• _What you have to do_: Pictures found in the material must be left out, and every line returned as written.

• _The data_:
***

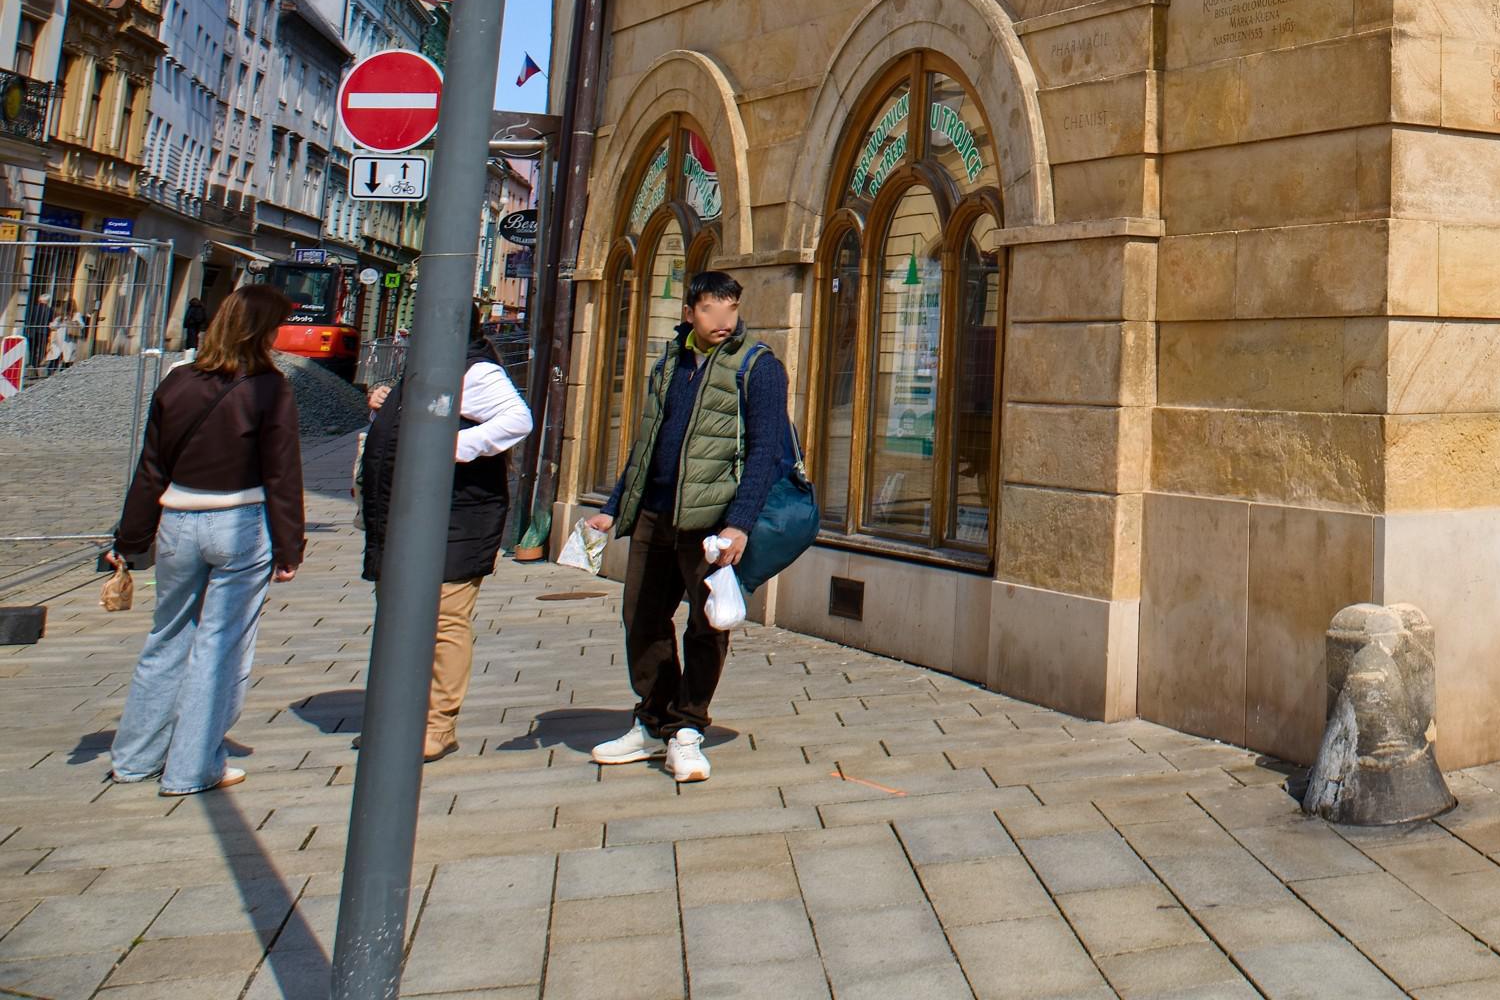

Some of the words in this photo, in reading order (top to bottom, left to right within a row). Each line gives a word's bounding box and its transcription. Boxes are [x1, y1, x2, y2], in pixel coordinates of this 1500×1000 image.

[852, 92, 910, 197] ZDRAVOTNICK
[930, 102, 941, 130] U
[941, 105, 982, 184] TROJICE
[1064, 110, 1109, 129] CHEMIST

***

• _Reply to the exercise_:
Some of the words in this photo, in reading order (top to bottom, left to right within a row). Each line gives a word's bounding box and its transcription. Boxes are [x1, y1, x2, y2], in pixel coordinates of this 1500×1000 image.

[852, 92, 910, 197] ZDRAVOTNICK
[930, 102, 941, 130] U
[941, 105, 982, 184] TROJICE
[1064, 110, 1109, 129] CHEMIST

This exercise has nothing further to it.